Sunday, March 17, 2013

Artful, lighthearted....Special Exits...


Special Exits is a sweet memoir about a tragic time in any person’s life – taking care of your parents in their final days. Its easy to fall in love with all the characters in this memoir as we see them struggle to help each other, through health and financial problems, with unwavering love for one another.

Despite reliving a difficult time in the author’s life, Joyce Farmer manages to make the ending sweet instead of tragic. With a name like Special Exits and an ending scene where she cuddles the cat who once hated her, I ended up closing the final pages of the book with a smile on my face instead of tears.

The characters are so loveable! I loved reading the comics closely and finding that Farmer had included small jokes like calling the grocery store “Food for More” or Trader Old’s instead of Trader Joes (p56). All those small additions in the illustrations made the book just a little more enjoyable. Joyce Farmer’s sense of humor and light-heartedness made the book fun to read.

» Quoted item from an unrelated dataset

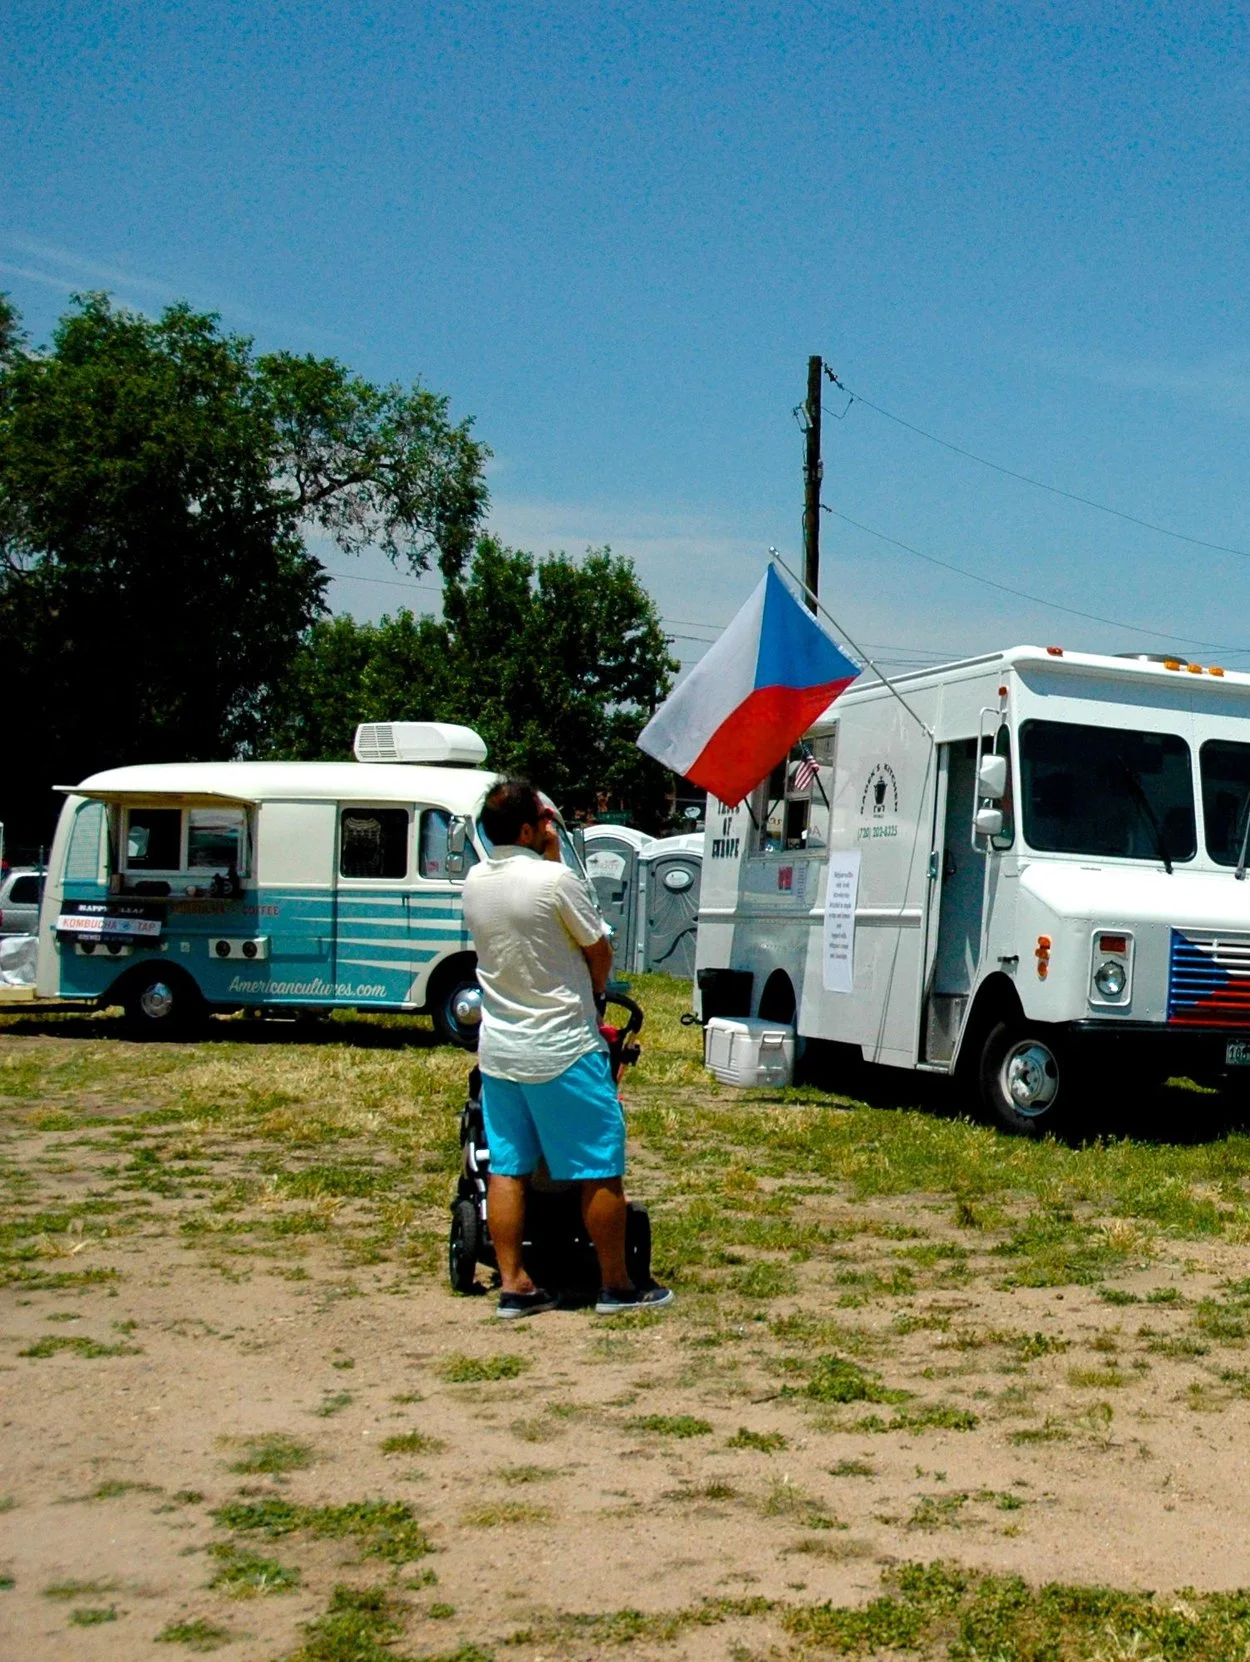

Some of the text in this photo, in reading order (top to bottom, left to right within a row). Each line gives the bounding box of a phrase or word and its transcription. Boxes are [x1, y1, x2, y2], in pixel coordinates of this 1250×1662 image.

[722, 817, 733, 836] OF
[62, 918, 157, 933] KOMBUCHA TAP

Despite the light heartedness, I definitely did feel for the characters. I love how deeply Joyce Farmer brought us into the lives of her parents (even though she wasn’t living in the home with them, I wonder how she knew so much about their daily lives. Were these panels guesses or accurate?). I also found it really honorable that Joyce Farmer decided that the most important parts of her life to share in her own memoir, were her paretnts’ final days (instead of just writing about herself). I have a lot of respect for the author for that. Its easy to feel how much, and how selflessly, she loves her parents.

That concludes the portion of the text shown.